* _About this exercise_: These entries are to be set down again exactly.

--- START ---

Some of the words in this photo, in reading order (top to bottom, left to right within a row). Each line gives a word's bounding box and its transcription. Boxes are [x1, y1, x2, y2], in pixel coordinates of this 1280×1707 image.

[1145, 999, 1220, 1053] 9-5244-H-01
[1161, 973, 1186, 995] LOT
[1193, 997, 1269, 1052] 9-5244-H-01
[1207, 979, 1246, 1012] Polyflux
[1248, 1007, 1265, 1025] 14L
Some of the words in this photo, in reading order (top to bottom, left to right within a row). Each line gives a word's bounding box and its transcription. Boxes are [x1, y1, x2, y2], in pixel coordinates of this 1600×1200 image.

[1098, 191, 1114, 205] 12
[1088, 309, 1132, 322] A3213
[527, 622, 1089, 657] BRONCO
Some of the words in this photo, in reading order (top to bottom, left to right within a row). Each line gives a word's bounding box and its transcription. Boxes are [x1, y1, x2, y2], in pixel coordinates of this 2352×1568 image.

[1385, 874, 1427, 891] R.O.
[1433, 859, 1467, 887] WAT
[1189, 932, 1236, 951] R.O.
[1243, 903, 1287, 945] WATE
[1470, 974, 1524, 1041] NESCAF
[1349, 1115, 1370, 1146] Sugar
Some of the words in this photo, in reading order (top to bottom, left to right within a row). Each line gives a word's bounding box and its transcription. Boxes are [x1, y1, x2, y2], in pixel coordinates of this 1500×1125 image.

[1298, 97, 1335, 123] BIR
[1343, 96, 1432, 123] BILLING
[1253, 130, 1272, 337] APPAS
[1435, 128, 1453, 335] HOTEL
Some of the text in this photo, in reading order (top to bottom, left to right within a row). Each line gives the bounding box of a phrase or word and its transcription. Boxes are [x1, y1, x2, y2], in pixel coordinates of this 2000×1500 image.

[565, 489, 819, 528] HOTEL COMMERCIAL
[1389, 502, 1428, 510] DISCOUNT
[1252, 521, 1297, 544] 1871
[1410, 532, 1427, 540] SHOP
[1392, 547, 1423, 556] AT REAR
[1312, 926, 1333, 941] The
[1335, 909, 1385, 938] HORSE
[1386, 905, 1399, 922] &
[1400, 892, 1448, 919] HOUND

--- END ---

* _Your solution_:
Some of the words in this photo, in reading order (top to bottom, left to right within a row). Each line gives a word's bounding box and its transcription. Boxes are [x1, y1, x2, y2], in pixel coordinates of this 1280×1707 image.

[1145, 999, 1220, 1053] 9-5244-H-01
[1161, 973, 1186, 995] LOT
[1193, 997, 1269, 1052] 9-5244-H-01
[1207, 979, 1246, 1012] Polyflux
[1248, 1007, 1265, 1025] 14L
Some of the words in this photo, in reading order (top to bottom, left to right within a row). Each line gives a word's bounding box and its transcription. Boxes are [x1, y1, x2, y2], in pixel coordinates of this 1600×1200 image.

[1098, 191, 1114, 205] 12
[1088, 309, 1132, 322] A3213
[527, 622, 1089, 657] BRONCO
Some of the words in this photo, in reading order (top to bottom, left to right within a row). Each line gives a word's bounding box and its transcription. Boxes are [x1, y1, x2, y2], in pixel coordinates of this 2352×1568 image.

[1385, 874, 1427, 891] R.O.
[1433, 859, 1467, 887] WAT
[1189, 932, 1236, 951] R.O.
[1243, 903, 1287, 945] WATE
[1470, 974, 1524, 1041] NESCAF
[1349, 1115, 1370, 1146] Sugar
Some of the words in this photo, in reading order (top to bottom, left to right within a row). Each line gives a word's bounding box and its transcription. Boxes are [x1, y1, x2, y2], in pixel coordinates of this 1500×1125 image.

[1298, 97, 1335, 123] BIR
[1343, 96, 1432, 123] BILLING
[1253, 130, 1272, 337] APPAS
[1435, 128, 1453, 335] HOTEL
Some of the text in this photo, in reading order (top to bottom, left to right within a row). Each line gives the bounding box of a phrase or word and its transcription. Boxes are [x1, y1, x2, y2], in pixel coordinates of this 2000×1500 image.

[565, 489, 819, 528] HOTEL COMMERCIAL
[1389, 502, 1428, 510] DISCOUNT
[1252, 521, 1297, 544] 1871
[1410, 532, 1427, 540] SHOP
[1392, 547, 1423, 556] AT REAR
[1312, 926, 1333, 941] The
[1335, 909, 1385, 938] HORSE
[1386, 905, 1399, 922] &
[1400, 892, 1448, 919] HOUND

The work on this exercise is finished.